Can you print the data exactly and leave out each image?

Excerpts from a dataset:

☆ ☆ ☆ ☆ ☆ ☆ ☆

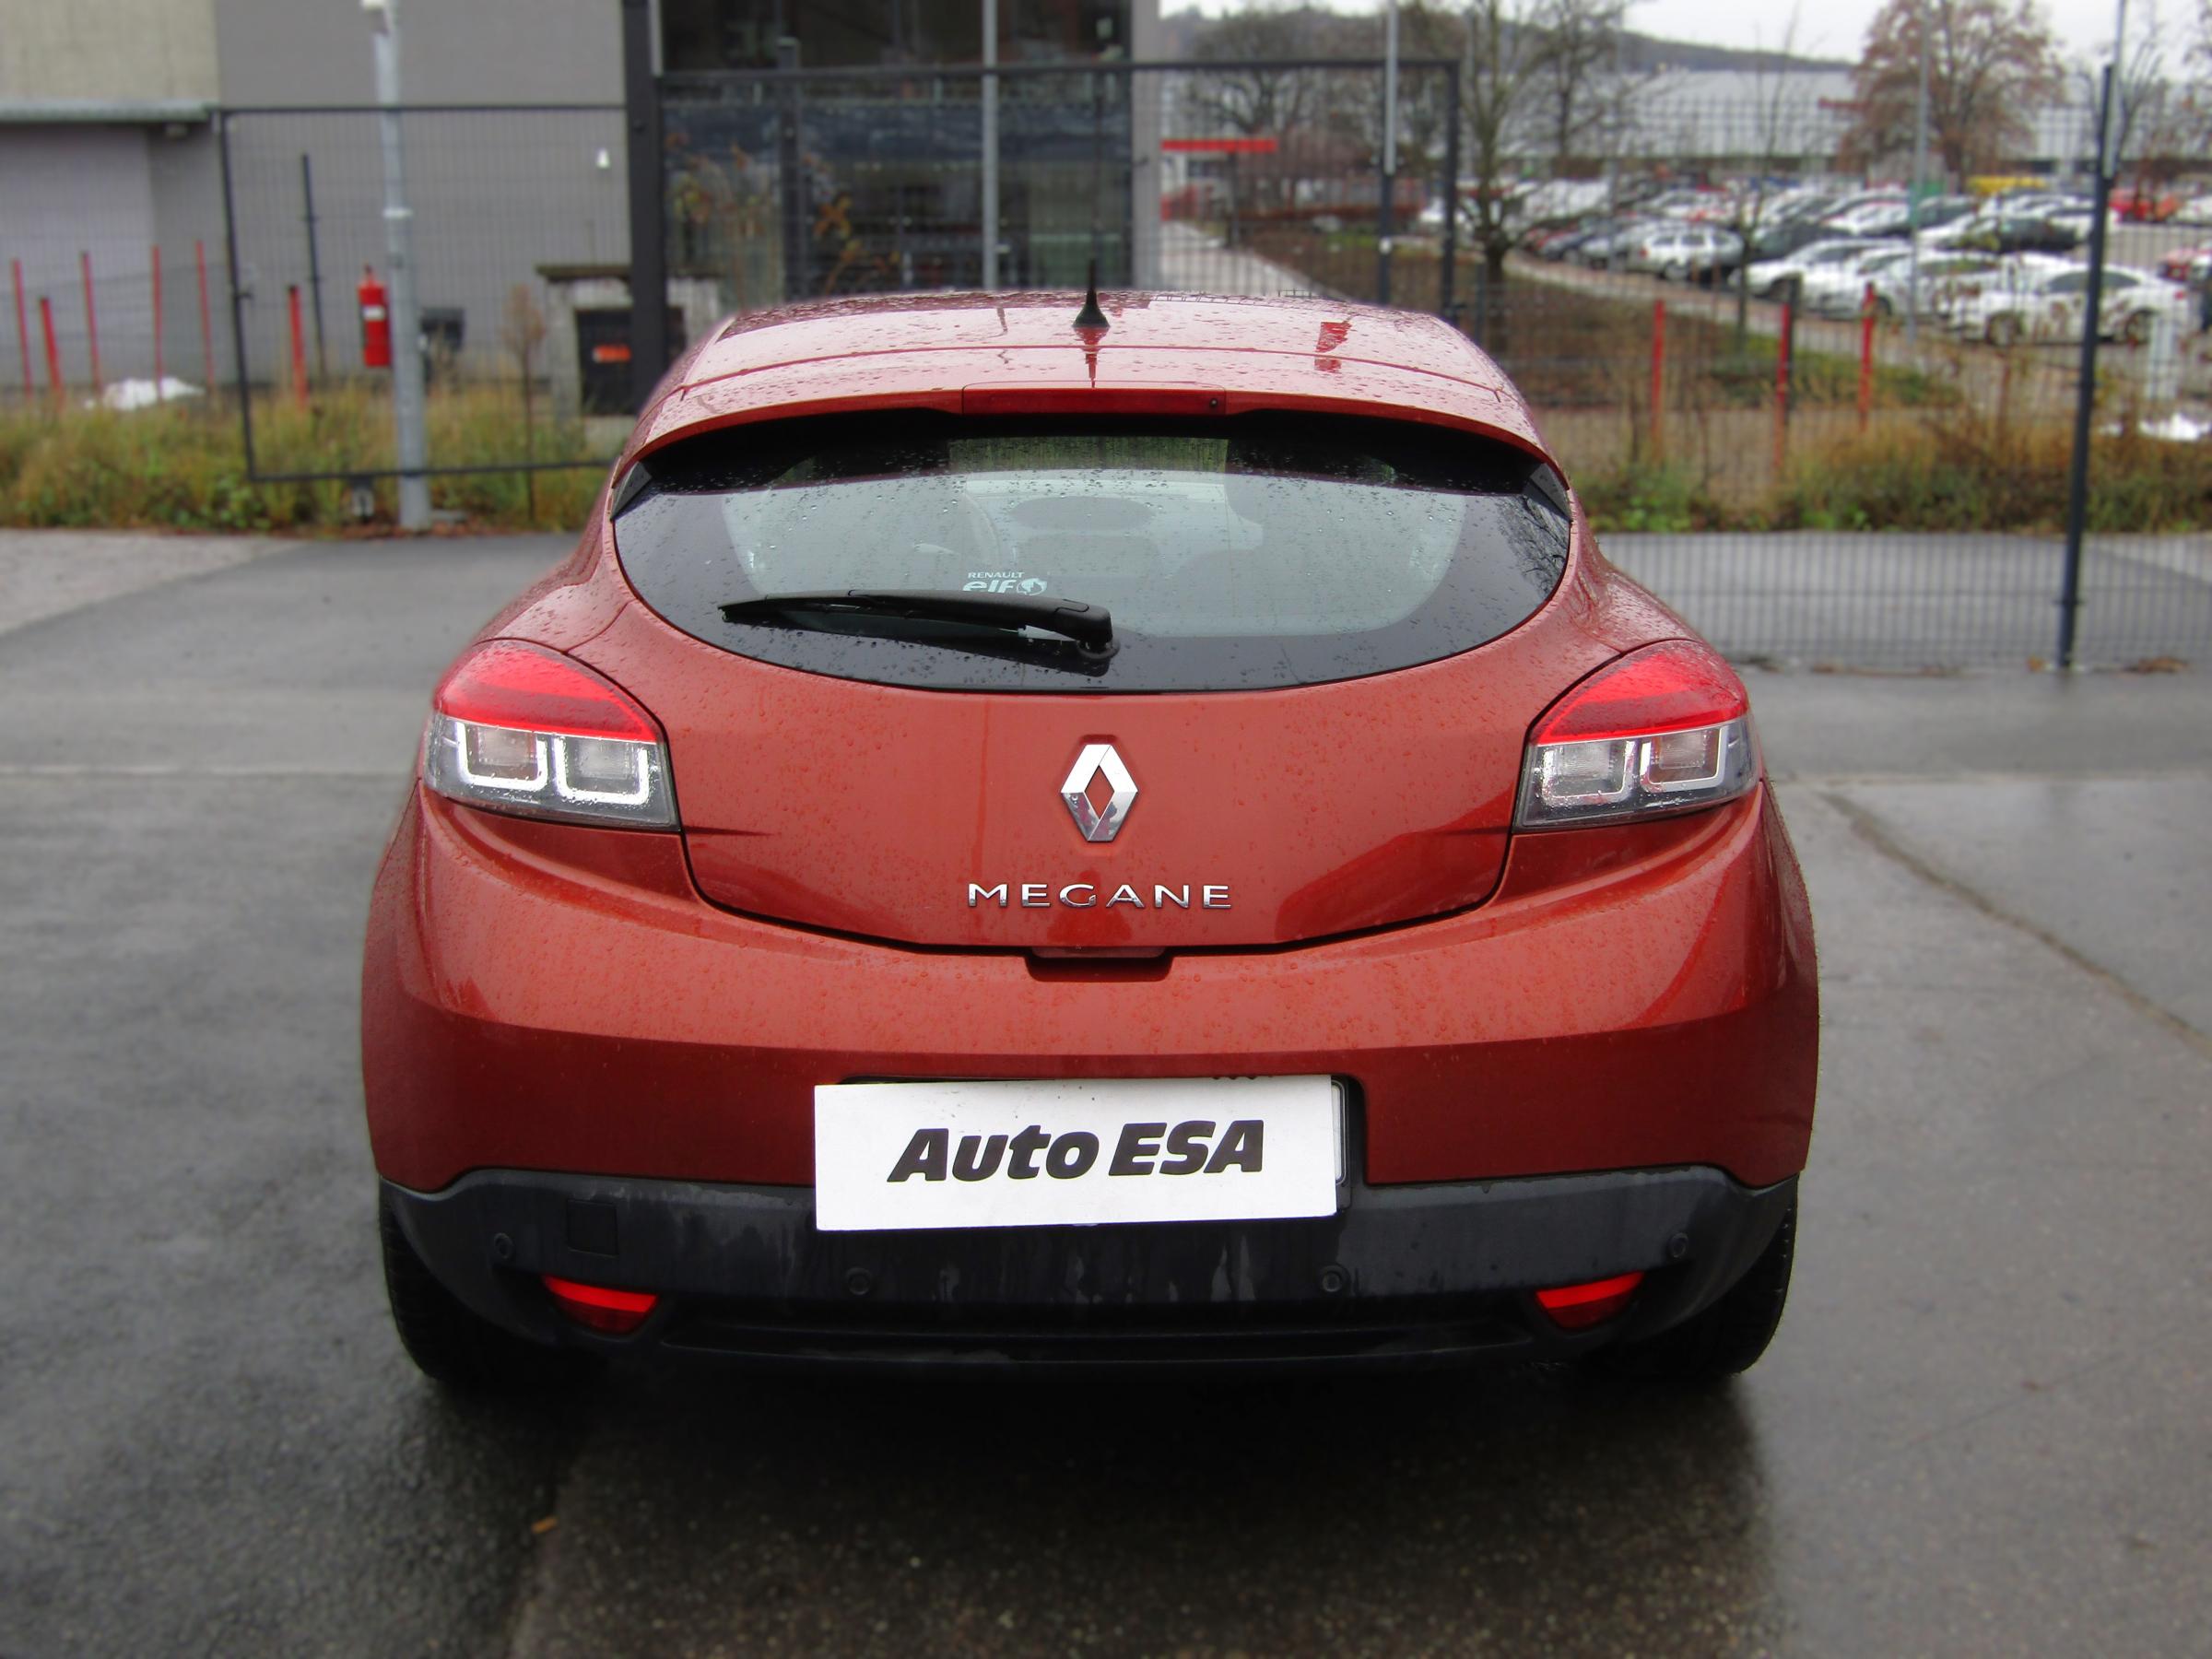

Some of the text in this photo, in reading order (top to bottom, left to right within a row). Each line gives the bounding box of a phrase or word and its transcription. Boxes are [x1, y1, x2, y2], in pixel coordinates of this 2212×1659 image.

[963, 579, 1017, 593] elf
[968, 884, 1231, 908] MEGANE
[887, 1119, 1264, 1182] Auto ESA
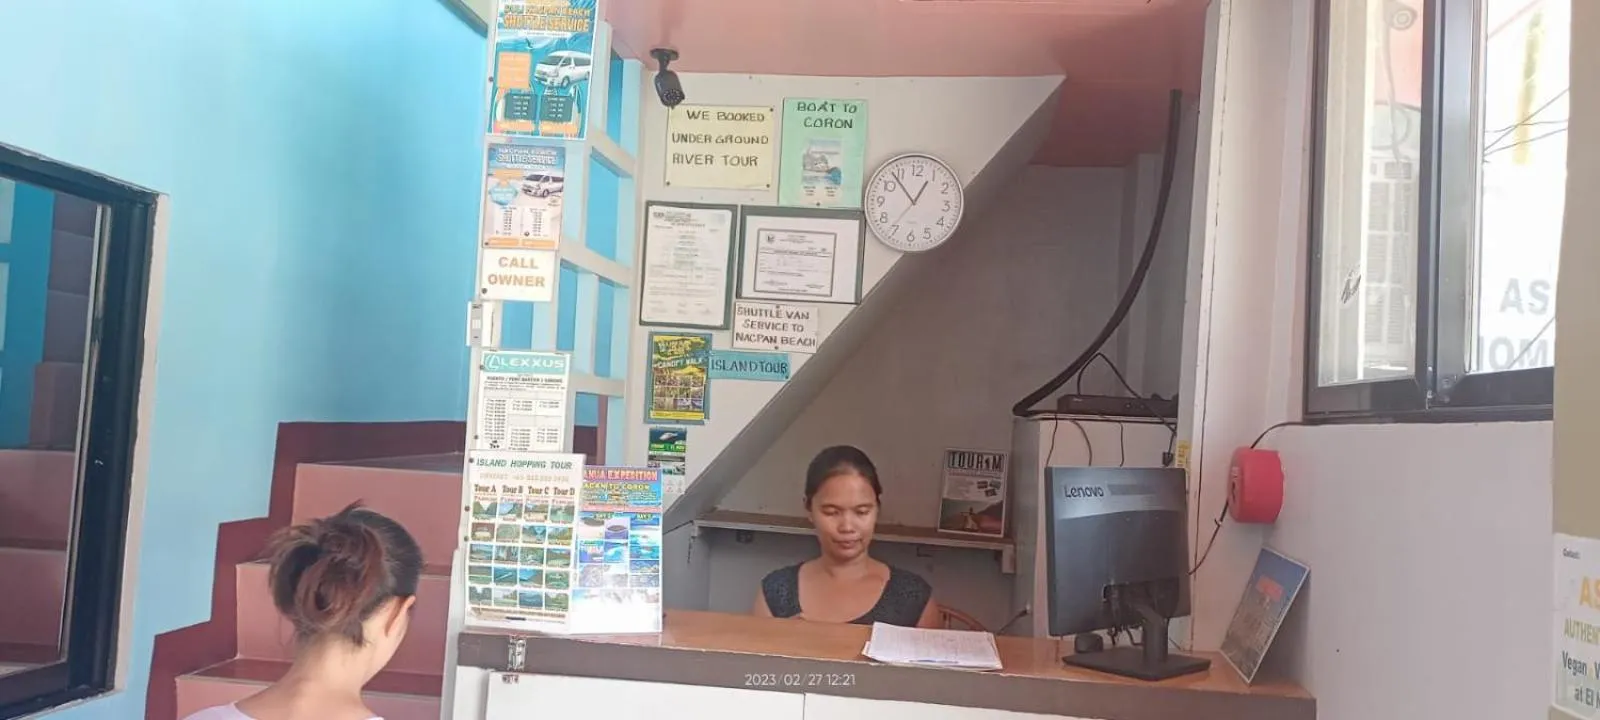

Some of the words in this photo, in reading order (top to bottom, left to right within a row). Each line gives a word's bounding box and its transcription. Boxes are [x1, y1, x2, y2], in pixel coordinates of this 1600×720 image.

[504, 15, 546, 30] SHUTTLE
[547, 17, 589, 32] SERVICE
[797, 101, 836, 113] BOAT
[843, 103, 857, 114] TO
[686, 110, 710, 120] WE
[717, 112, 765, 122] BOOKED
[804, 119, 854, 129] CORON
[672, 154, 713, 165] RIVER
[723, 155, 758, 167] TOUR
[897, 167, 905, 181] 11
[912, 165, 924, 177] 12
[884, 180, 896, 192] 10
[941, 182, 949, 195] 2
[877, 195, 885, 208] 9
[942, 200, 951, 213] 3
[879, 212, 888, 224] 8
[936, 216, 945, 228] 4
[891, 224, 900, 237] 7
[906, 230, 915, 243] 6
[922, 227, 931, 240] 5
[498, 256, 540, 269] CALL
[487, 274, 546, 287] OWNER
[737, 306, 782, 319] SHUTTLE
[786, 311, 810, 321] VAN
[742, 319, 788, 332] SERVICE
[792, 324, 805, 333] TO
[736, 333, 777, 344] NACPAN
[780, 337, 816, 347] BEACH
[760, 361, 789, 374] TOUR
[476, 459, 507, 468] ISLAND
[511, 461, 547, 469] HOPPING
[551, 462, 572, 470] TOUR
[608, 469, 658, 482] EXPEDITION
[474, 484, 490, 493] Tour
[491, 485, 497, 493] A
[502, 485, 518, 494] Tour
[528, 486, 544, 495] Tour
[545, 486, 550, 495] C
[553, 487, 569, 496] Tour
[1064, 485, 1105, 499] Lenovo
[1562, 650, 1587, 677] Vegan
[1574, 687, 1583, 703] at
[1585, 687, 1594, 707] El

☆ ☆ ☆ ☆ ☆ ☆ ☆

SOLUTION FOR THIS TASK:
Some of the text in this photo, in reading order (top to bottom, left to right within a row). Each line gives the bounding box of a phrase or word and its transcription. Boxes are [x1, y1, x2, y2], in pixel coordinates of this 2212×1659 image.

[963, 579, 1017, 593] elf
[968, 884, 1231, 908] MEGANE
[887, 1119, 1264, 1182] Auto ESA

Some of the words in this photo, in reading order (top to bottom, left to right within a row). Each line gives a word's bounding box and its transcription. Boxes are [x1, y1, x2, y2], in pixel coordinates of this 1600×720 image.

[504, 15, 546, 30] SHUTTLE
[547, 17, 589, 32] SERVICE
[797, 101, 836, 113] BOAT
[843, 103, 857, 114] TO
[686, 110, 710, 120] WE
[717, 112, 765, 122] BOOKED
[804, 119, 854, 129] CORON
[672, 154, 713, 165] RIVER
[723, 155, 758, 167] TOUR
[897, 167, 905, 181] 11
[912, 165, 924, 177] 12
[884, 180, 896, 192] 10
[941, 182, 949, 195] 2
[877, 195, 885, 208] 9
[942, 200, 951, 213] 3
[879, 212, 888, 224] 8
[936, 216, 945, 228] 4
[891, 224, 900, 237] 7
[906, 230, 915, 243] 6
[922, 227, 931, 240] 5
[498, 256, 540, 269] CALL
[487, 274, 546, 287] OWNER
[737, 306, 782, 319] SHUTTLE
[786, 311, 810, 321] VAN
[742, 319, 788, 332] SERVICE
[792, 324, 805, 333] TO
[736, 333, 777, 344] NACPAN
[780, 337, 816, 347] BEACH
[760, 361, 789, 374] TOUR
[476, 459, 507, 468] ISLAND
[511, 461, 547, 469] HOPPING
[551, 462, 572, 470] TOUR
[608, 469, 658, 482] EXPEDITION
[474, 484, 490, 493] Tour
[491, 485, 497, 493] A
[502, 485, 518, 494] Tour
[528, 486, 544, 495] Tour
[545, 486, 550, 495] C
[553, 487, 569, 496] Tour
[1064, 485, 1105, 499] Lenovo
[1562, 650, 1587, 677] Vegan
[1574, 687, 1583, 703] at
[1585, 687, 1594, 707] El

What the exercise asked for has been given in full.